(Listed records)
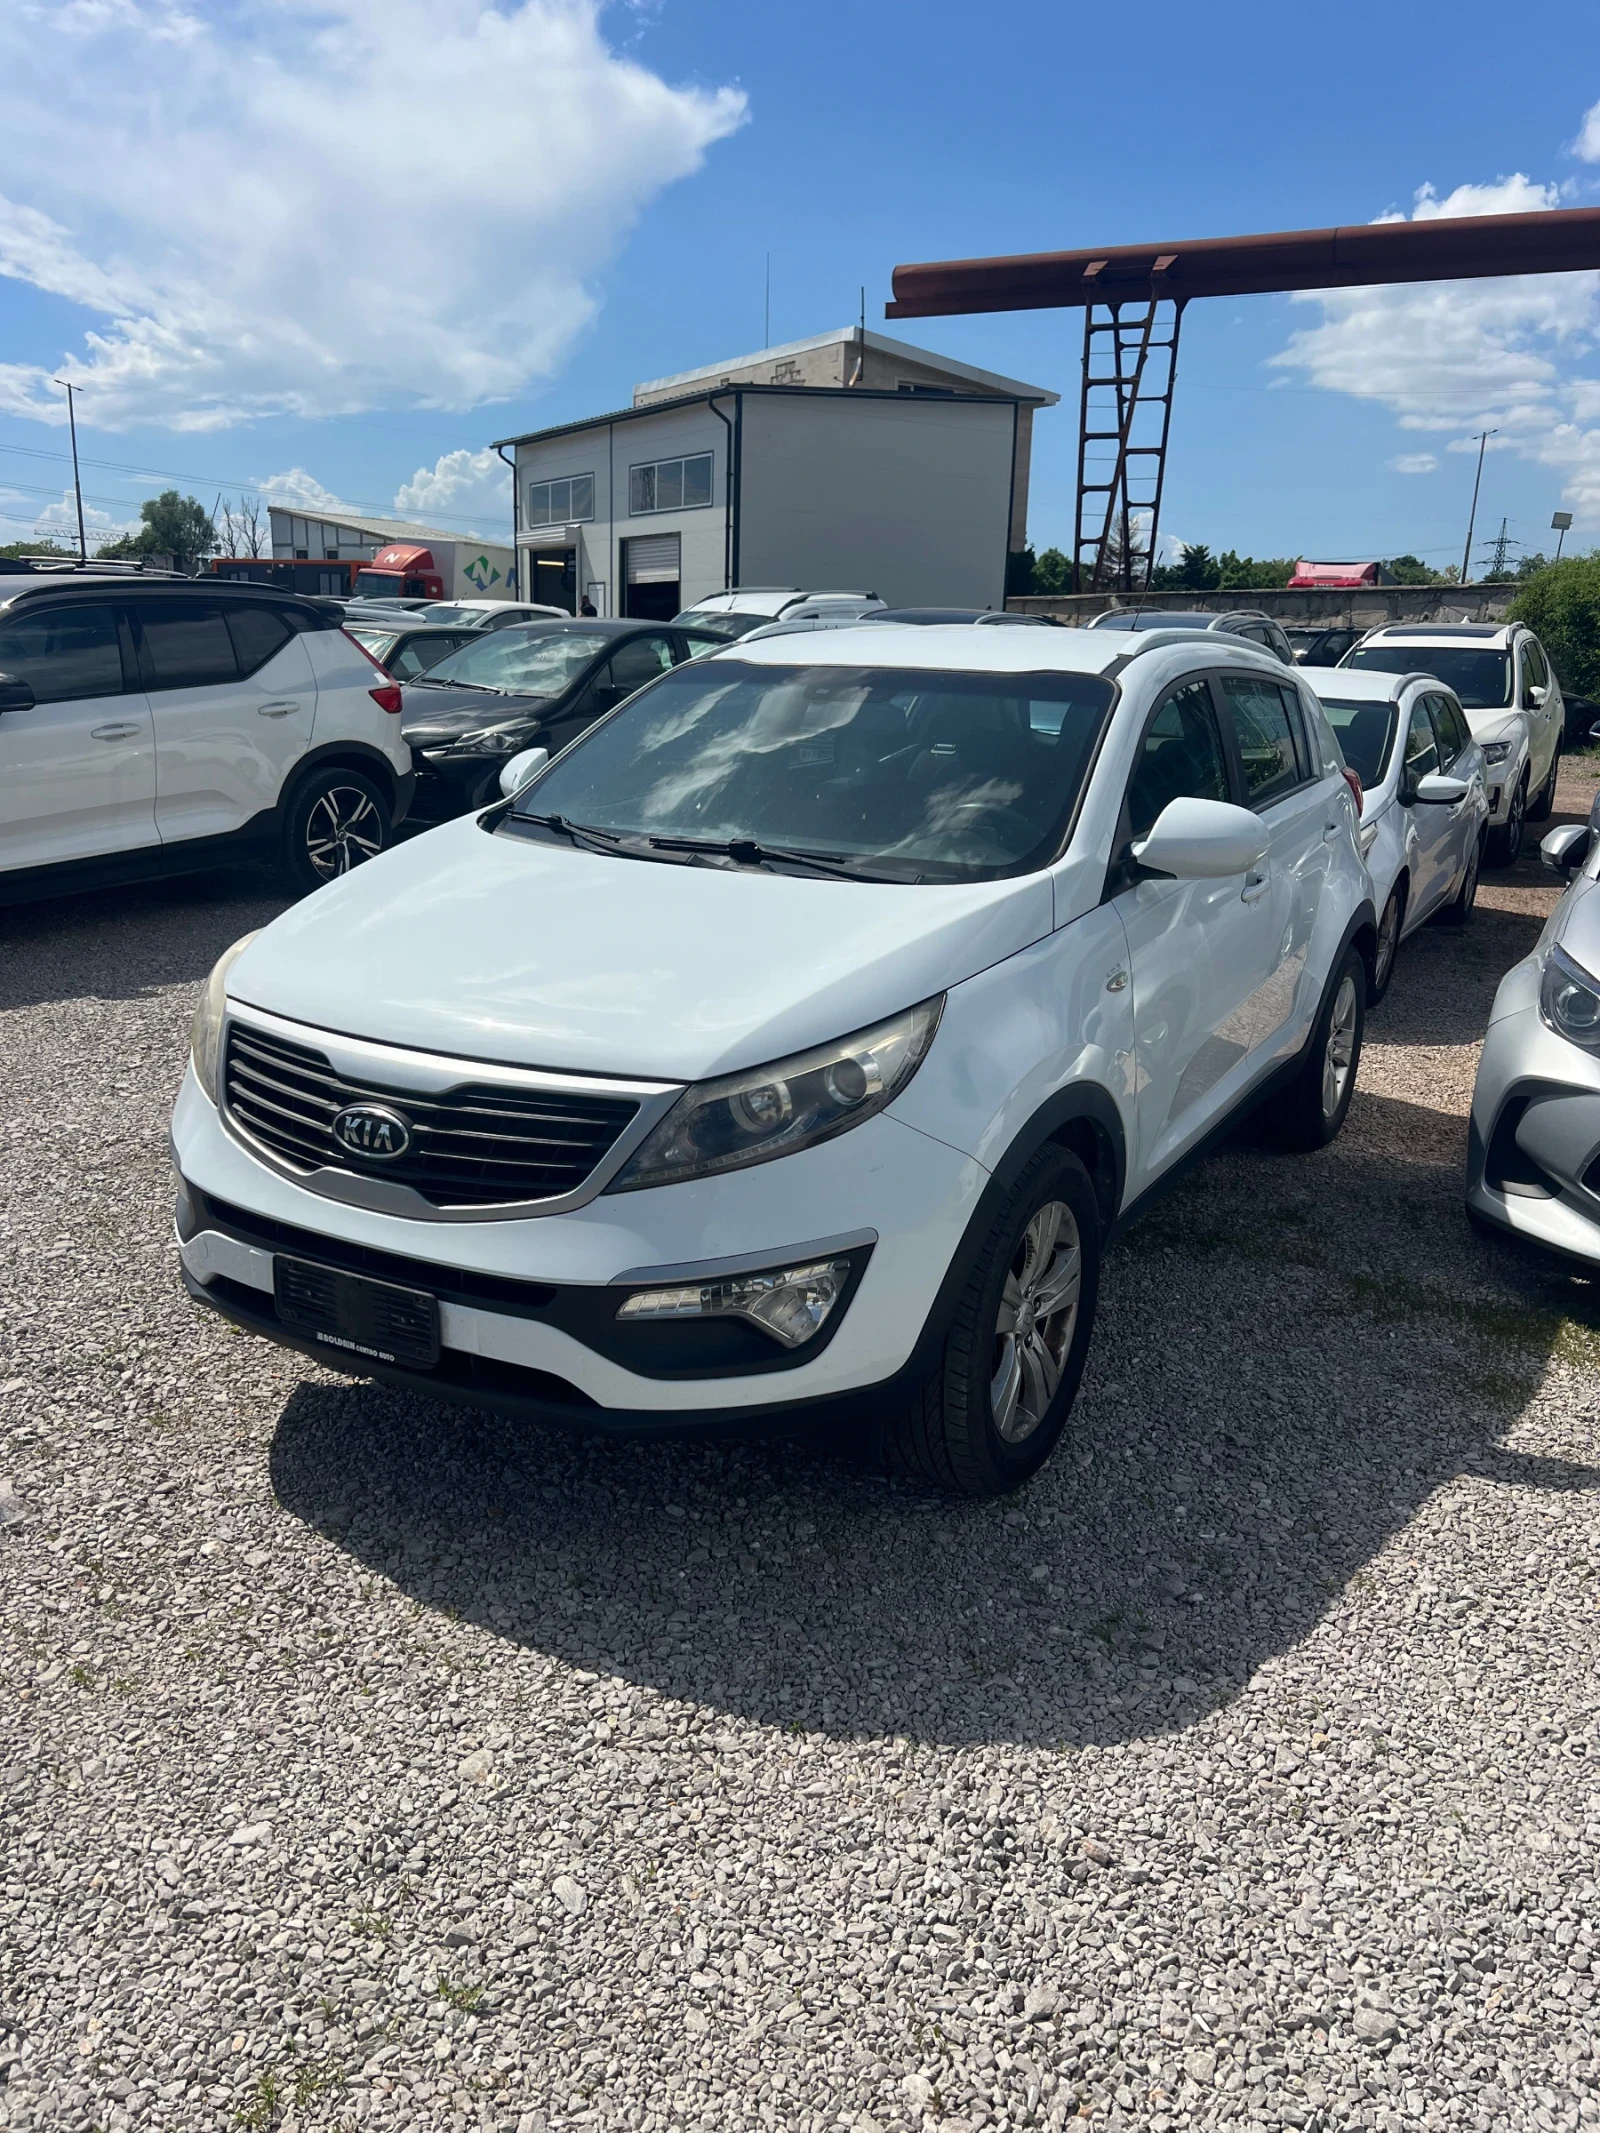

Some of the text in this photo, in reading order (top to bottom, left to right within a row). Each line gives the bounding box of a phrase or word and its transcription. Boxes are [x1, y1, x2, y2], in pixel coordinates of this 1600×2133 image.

[343, 1115, 394, 1152] KIA
[356, 1345, 378, 1357] CENTRO
[378, 1351, 395, 1361] AUTO
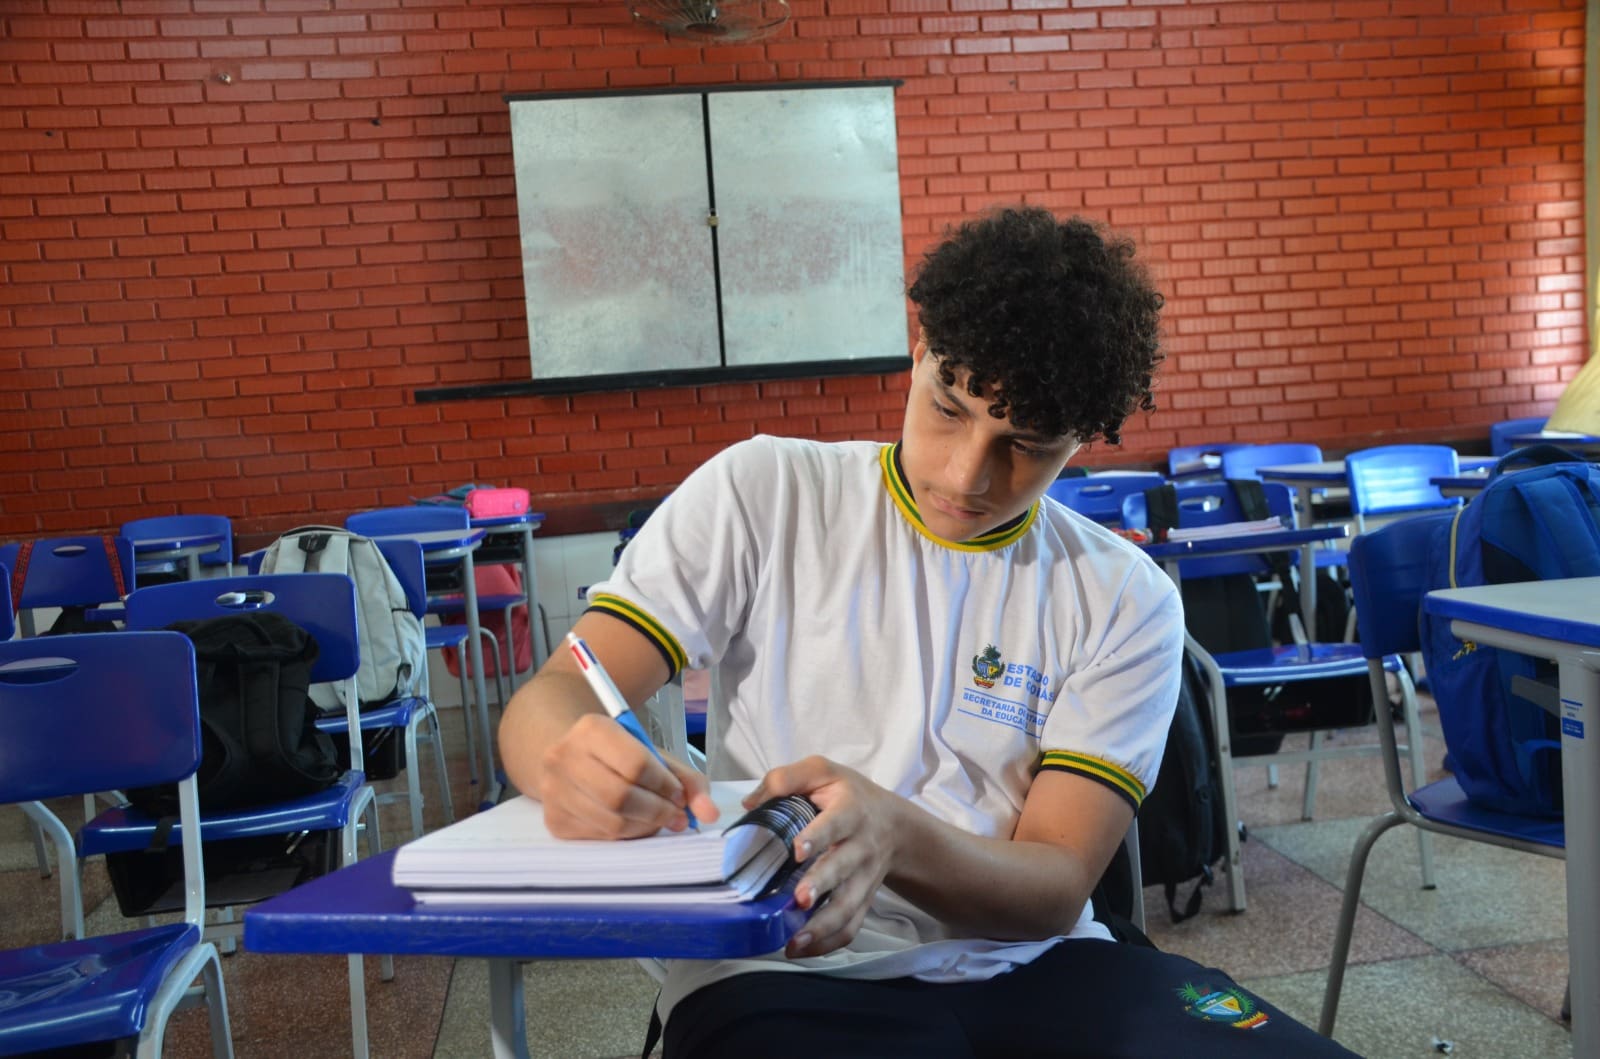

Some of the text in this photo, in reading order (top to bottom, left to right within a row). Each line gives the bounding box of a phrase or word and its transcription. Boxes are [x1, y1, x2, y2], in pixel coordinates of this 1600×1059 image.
(End Listed records)
# Task prompt:
Before duplicating the entries above, strip out the pictures and keep the rest exact.

# Completed exercise:
Some of the text in this photo, in reading order (top to bottom, left to right within a row). Each line gives the bounding box of a phrase or word and its transcription. Boxes are [x1, y1, x2, y2], in pixel coordinates of this 1600×2133 image.

[343, 1115, 394, 1152] KIA
[356, 1345, 378, 1357] CENTRO
[378, 1351, 395, 1361] AUTO

Some of the text in this photo, in reading order (top to bottom, left to right within a row). Each line gives the bounding box of a phrase or word and its transcription. Boxes are [x1, y1, x2, y2], in pixel coordinates of this 1600×1059 image.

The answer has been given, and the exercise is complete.